Interest rates are set to rise in February after six years at 0.5%, according to a think-tank.
The National Institute of Economic and Social Research (NIESR) said the Bank of England would raise interest rates at the start of 2016 to ensure inflation stays at its 2% target, increasing mortgage costs for millions of families in the UK.
NIESR said the BoE will then gradually increase them by 0.5% a year, reaching 2% by the end of 2018.
This contrasts with recent economic forecasts which have suggested an interest rate rise was not on the horizon until 2017.
NIESR said domestic demand will continue drive growth this year and next as households take advantage of purchasing power improvements from the low inflationary environment and firms continue to invest.
Despite the recent slowdown, NIESR expects the economy to expand by 2.4% this year and by 2.3% in 2016. Consumer spending coupled with business investment will see inflation rise 1.1% in 2016 hitting 2% from the middle of 2017.
Mortgage provider Ocean Finance has warned that just a 1% rise in interest rates could cripple nearly seven million homeowners.
It said that a 1% hike in interest rates could see borrowers with standard variable rate mortgages pay an extra £55 a month for every £100,000 owed.
According to research by the firm, having to meet increased mortgage payments could force about 10% of homeowners to sell their home to avoid the higher cost of their mortgage.
Additionally, 63% of borrowers say they would have to cut back on all non-essential spending to cover the additional cost, while a further 13% are concerned they would quickly get into financial difficulty.
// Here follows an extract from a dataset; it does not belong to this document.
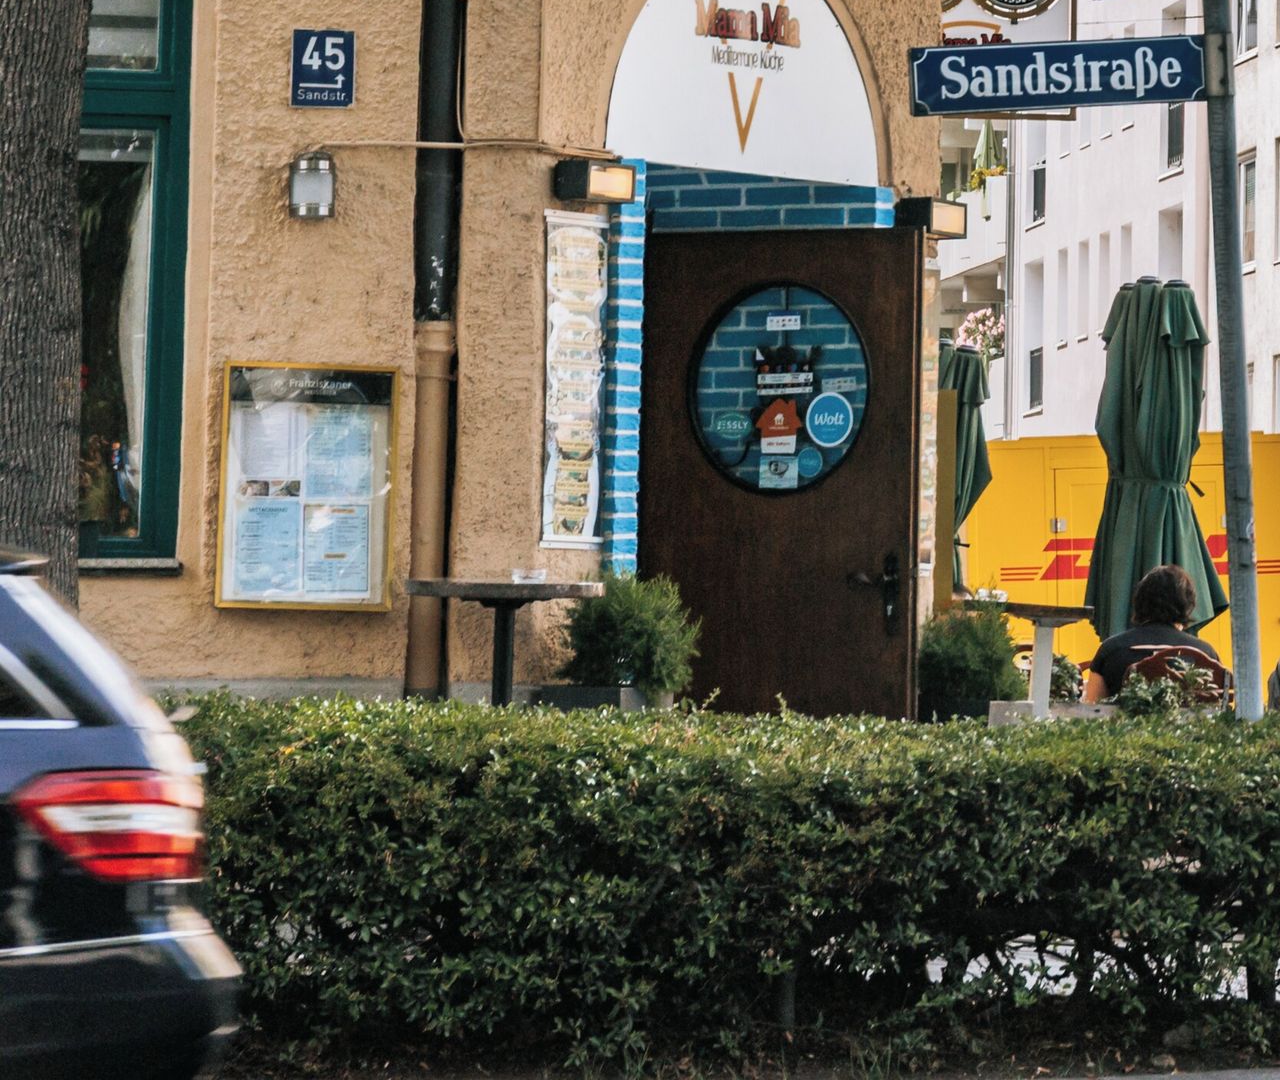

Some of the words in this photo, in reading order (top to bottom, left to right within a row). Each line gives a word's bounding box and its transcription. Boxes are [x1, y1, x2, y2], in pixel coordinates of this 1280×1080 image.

Gareth Shilton, Ocean’s spokesperson, said: “It’s inevitable that interest rates will rise at some point. Whilst the rate rise is likely to be gradual, every rate hike will have an impact on hard working families who are already struggling to make ends meet.
“Many people will feel like mortgage prisoners because their circumstances have changed since they took out their loan and they’ll understandably be concerned about what a potential interest rate rise means for them.
“It’s important to understand that in most cases there are options, so it’s important that anyone who is concerned about a rate increase should seek advice on the best deal available to them.”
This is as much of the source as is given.